> **Task details**
Transcribe each entry exactly, without pictures.

> **Data to examine**
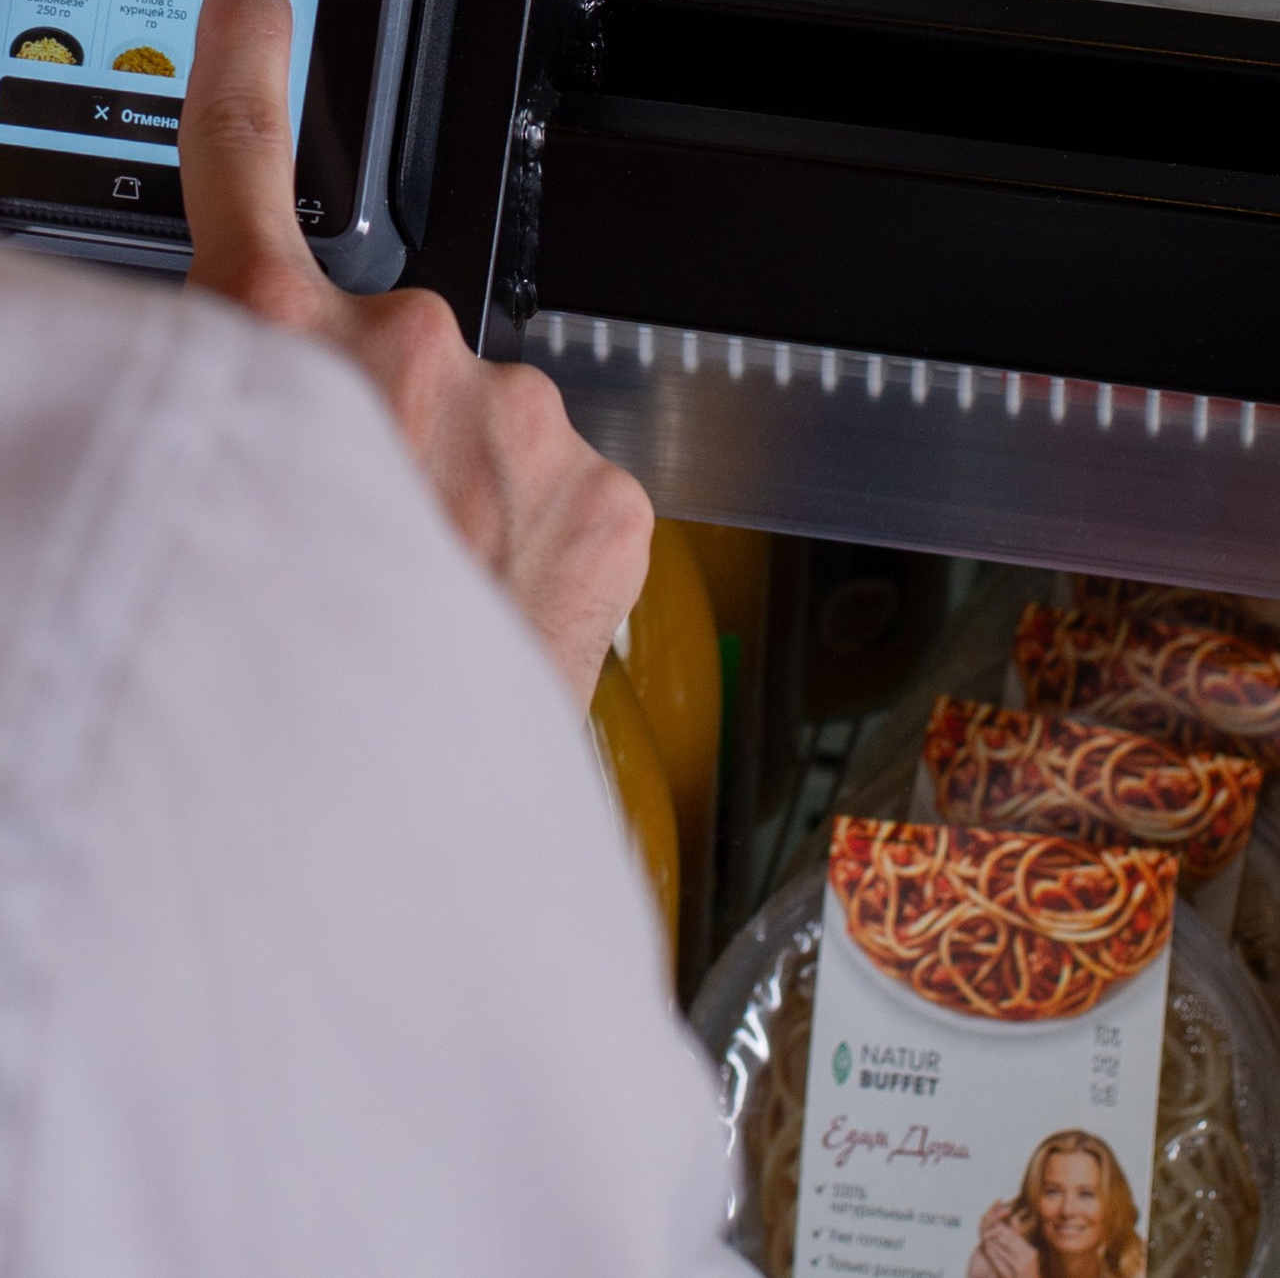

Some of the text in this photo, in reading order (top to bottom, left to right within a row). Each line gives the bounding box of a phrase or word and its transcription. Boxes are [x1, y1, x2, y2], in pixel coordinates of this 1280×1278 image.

[36, 5, 58, 17] 250
[120, 3, 187, 21] курицей 250
[121, 109, 179, 129] Отмена
[860, 1043, 941, 1073] NATUR
[858, 1069, 939, 1096] BUFFET

> **Exercise answer**
Some of the text in this photo, in reading order (top to bottom, left to right within a row). Each line gives the bounding box of a phrase or word and its transcription. Boxes are [x1, y1, x2, y2], in pixel coordinates of this 1280×1278 image.

[36, 5, 58, 17] 250
[120, 3, 187, 21] курицей 250
[121, 109, 179, 129] Отмена
[860, 1043, 941, 1073] NATUR
[858, 1069, 939, 1096] BUFFET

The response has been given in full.